━━ DATA SUPPLIED
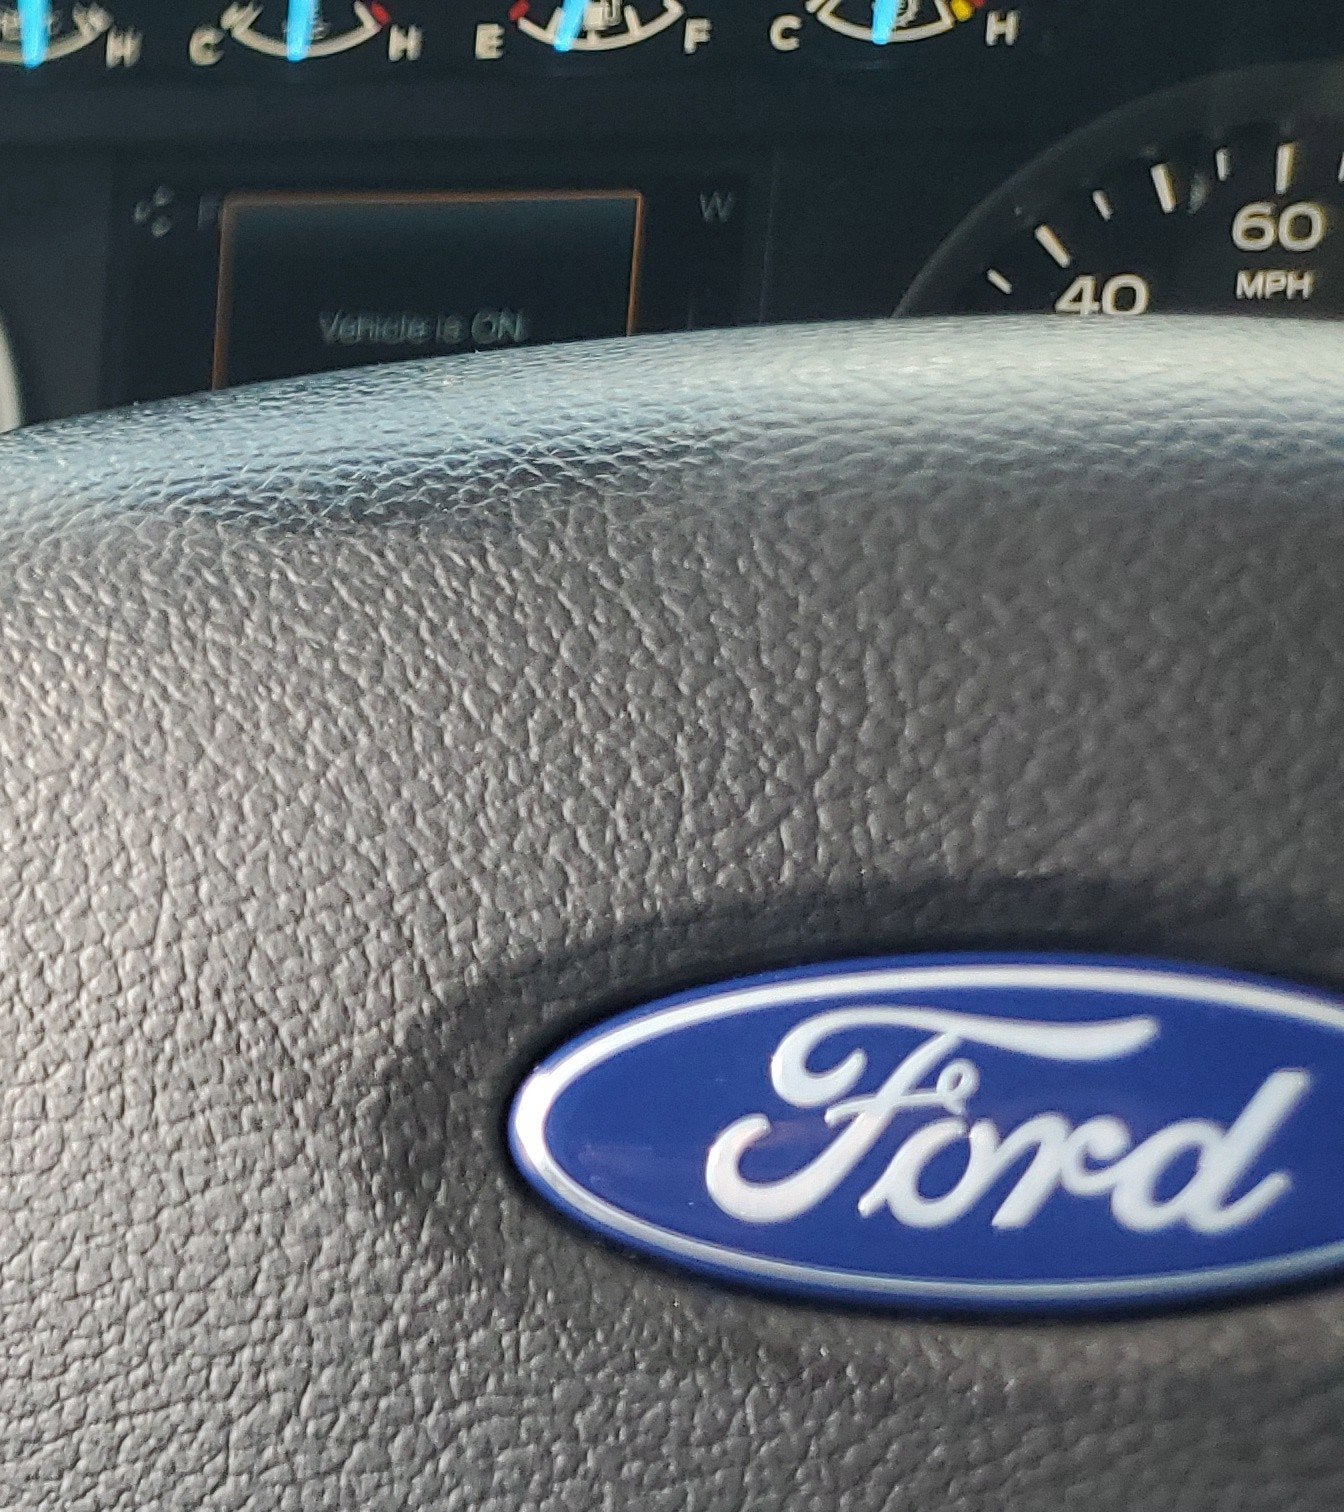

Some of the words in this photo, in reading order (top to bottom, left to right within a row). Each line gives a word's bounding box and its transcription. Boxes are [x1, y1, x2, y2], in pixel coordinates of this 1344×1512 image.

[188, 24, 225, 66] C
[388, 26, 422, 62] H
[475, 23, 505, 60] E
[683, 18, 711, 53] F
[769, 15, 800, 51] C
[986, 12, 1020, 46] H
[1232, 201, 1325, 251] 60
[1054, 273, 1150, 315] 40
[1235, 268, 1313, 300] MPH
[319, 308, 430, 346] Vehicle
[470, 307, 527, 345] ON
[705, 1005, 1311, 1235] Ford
━━━━
GOAL OF THE EXERCISE. Transcribe all of the records exactly, without reproducing their pictures.

OUTPUT OF THE TASK.
Some of the words in this photo, in reading order (top to bottom, left to right within a row). Each line gives a word's bounding box and its transcription. Boxes are [x1, y1, x2, y2], in pixel coordinates of this 1344×1512 image.

[188, 24, 225, 66] C
[388, 26, 422, 62] H
[475, 23, 505, 60] E
[683, 18, 711, 53] F
[769, 15, 800, 51] C
[986, 12, 1020, 46] H
[1232, 201, 1325, 251] 60
[1054, 273, 1150, 315] 40
[1235, 268, 1313, 300] MPH
[319, 308, 430, 346] Vehicle
[470, 307, 527, 345] ON
[705, 1005, 1311, 1235] Ford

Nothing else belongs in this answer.